MG tem supersalário de mais de R$ 70 mil
Mais de 90 servidores do Tribunal Regional do Trabalho da 3ª Região, em Minas Gerais, recebem acima de R$ 26.700, valor pago aos ministros do Supremo Tribunal Federal (STF). Bem acima, aliás. Entre desembargadores, juízes da Vara do Trabalho e analistas judiciários, há supersalário que ultrapassa R$ 70 mil, quase três vezes mais do que o teto do funcionalismo público no país. Em levantamento feito no site do TRT, que traz detalhada a folha de pagamento do órgão, o maior salário bruto pago a um juiz chega a R$ 72.857,91, sem qualquer retenção devido ao limite constitucional. Dos 94 cargos com ganhos além dos vencimentos no STF, há um servidor recebendo mais de R$ 65 mil, três ganhando mais de R$ 50 mil e nada menos do que 32 com salário acima de R$ 45 mil. No total, o gasto com pessoal no TRT em agosto deste ano (último mês lançado no sistema) foi de R$ 50,4 milhões, contra apenas R$ 14.700 retidos constitucionalmente.
O TRT de Minas está incluído entre os oito dos cerca de 50 tribunais instalados no Brasil onde estão concentrados os 512 funcionários da Justiça com contracheques acima do teto, conforme análise feita pela Associação Nacional dos Analistas, Técnicos e Auxiliares do Judiciário e do Ministério Público da União (Anata). De acordo com o levantamento, a proposta de reajuste para o Poder Judiciário, que prevê correção média de 54% para analistas e 56% para técnicos, pode aumentar em pelo menos 840% o número de funcionários que recebem supersalários. E isso a despeito do projeto dos ministros do Supremo, que negociam com o Congresso a elevação dos atuais R$ 26.700 para R$ 32 mil. Mesmo com o aumento do teto, a previsão é de que quantidade de servidores enquadrados nesse perfil salte para 4.814 caso a proposta seja aprovada. O número pode ser ainda maior, justamente pelo fato de a amostra se limitar às cortes que seguem as regras do Conselho Nacional de Justiça (CNJ) para divulgação dos gastos com folha de pagamento (Superior Tribunal de Justiça, Tribunal de Justiça do Distrito Federal, Tribunais Regionais Federais da 2ª, 3ª, 4ª e 5ª Regiões, Tribunal Eleitoral do Paraná e TRT de Minas). As demais, segundo a Anata, usam outros critérios, impedindo o monitoramento das despesas.
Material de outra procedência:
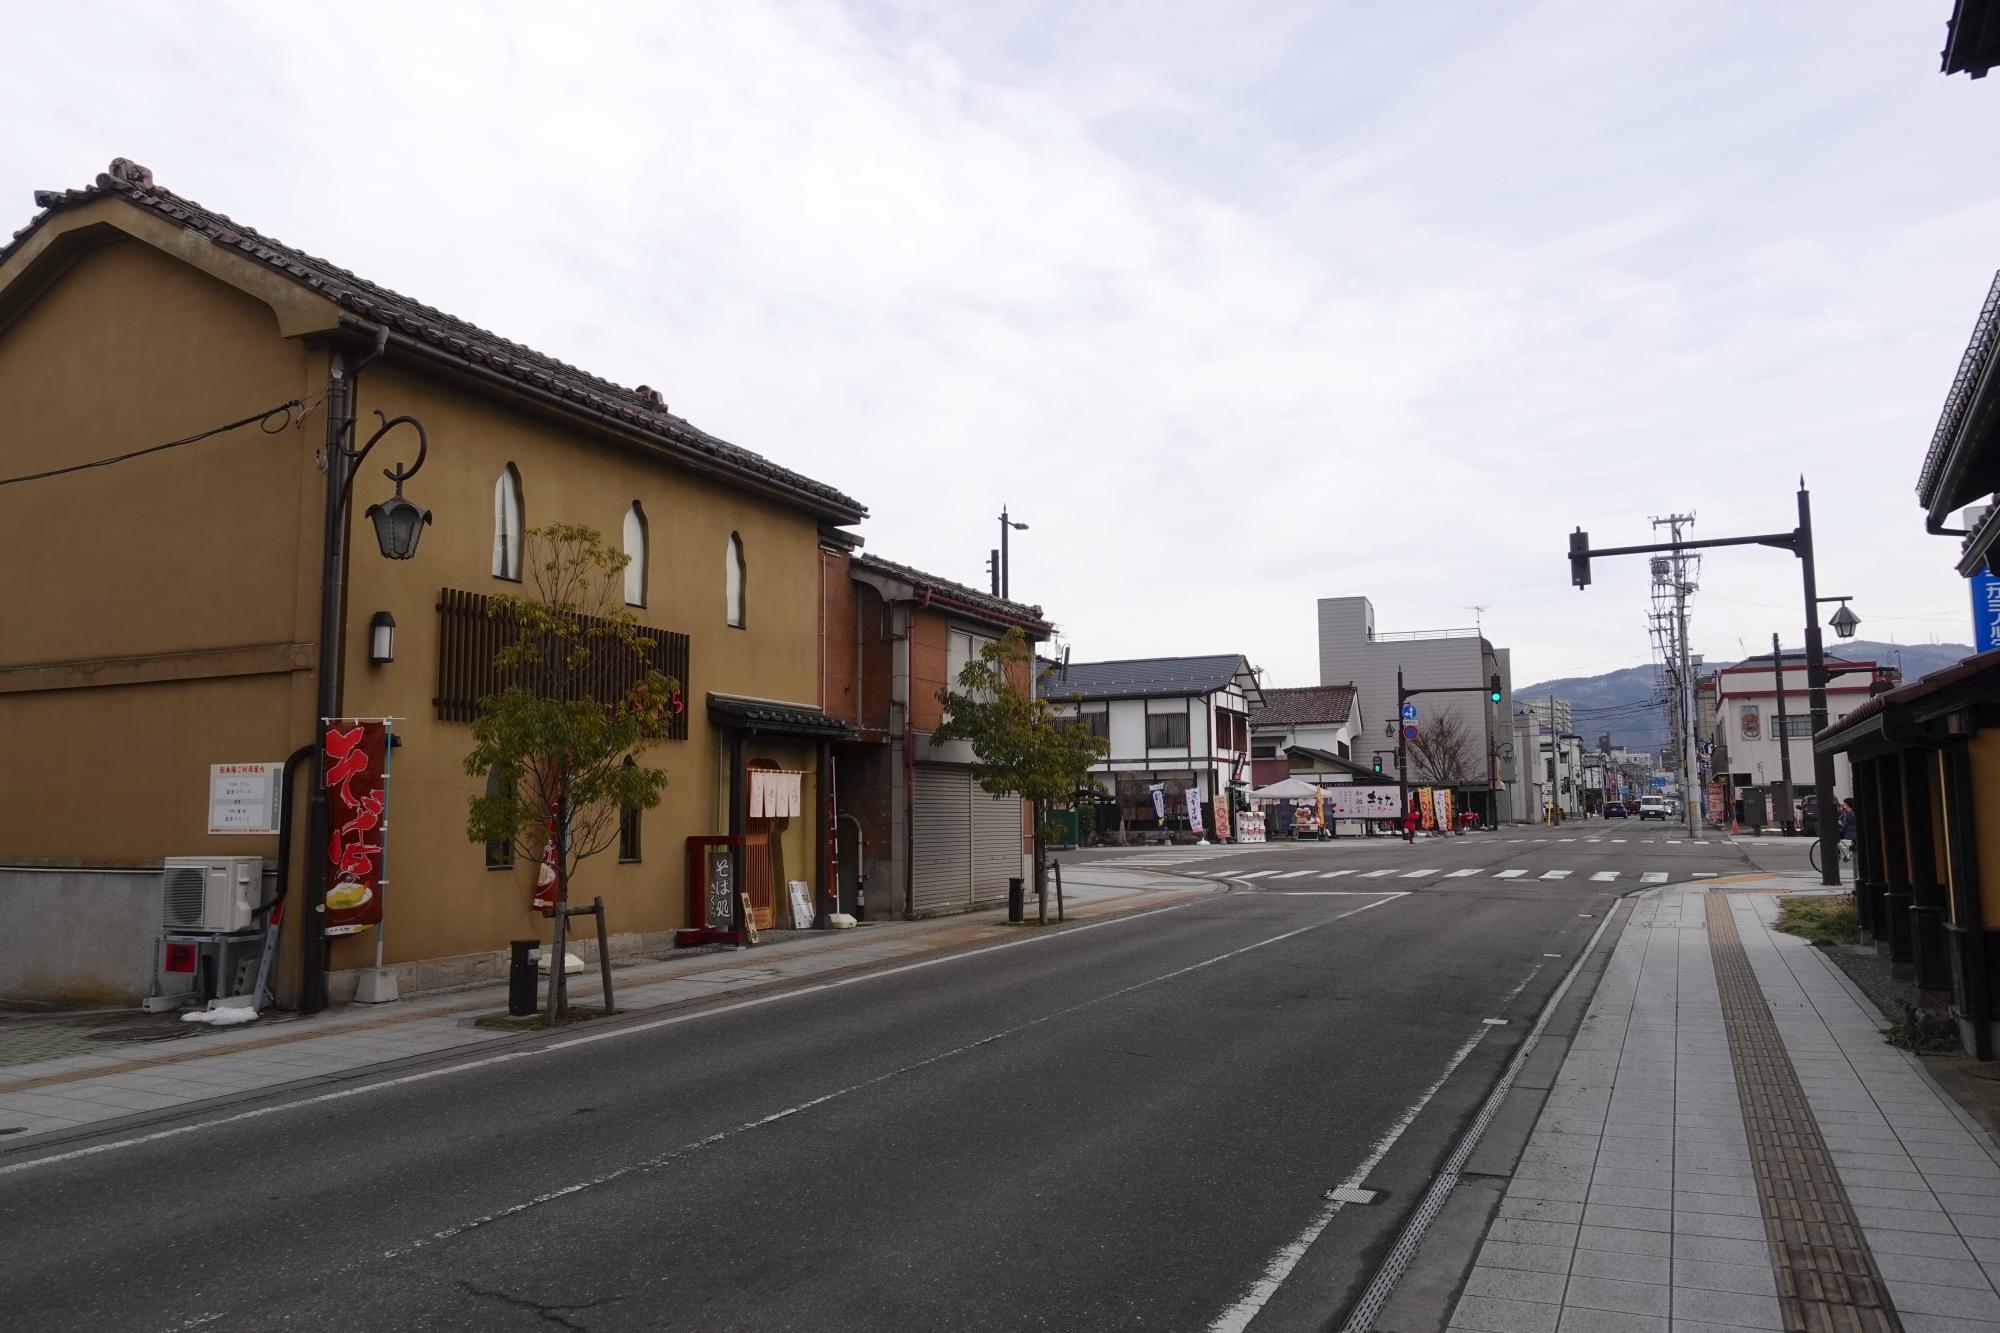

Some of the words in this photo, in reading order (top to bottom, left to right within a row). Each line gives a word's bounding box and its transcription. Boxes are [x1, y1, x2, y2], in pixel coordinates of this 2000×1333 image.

O Tribunal Regional Eleitoral de Minas Gerais (TRE-MG), diferentemente do Tribunal de Justiça do estado, também divulga em detalhes a folha de pagamento na internet. De acordo com os dados referentes a setembro de 2011, um comissionado, oito inativos e quatro pensionistas têm salários brutos acima do teto, chegando a um máximo de R$ 30.772,36. À exceção de um pensionista cuja renda mensal é de R$ 30.543,67 sem descontos, o TRE discrimina as retenções constitucionais de todos os outros, até atingir o salário do Supremo. Embora a Constituição diga que o vencimento no Executivo, no Legislativo e no Judiciário não pode ultrapassar o limite legal, nunca houve lei ordinária que definisse quais benefícios são considerados como salário. Com isso, cada poder cria seu próprio entendimento – e seus próprios penduricalhos – , tornando frequente o pagamento além do teto.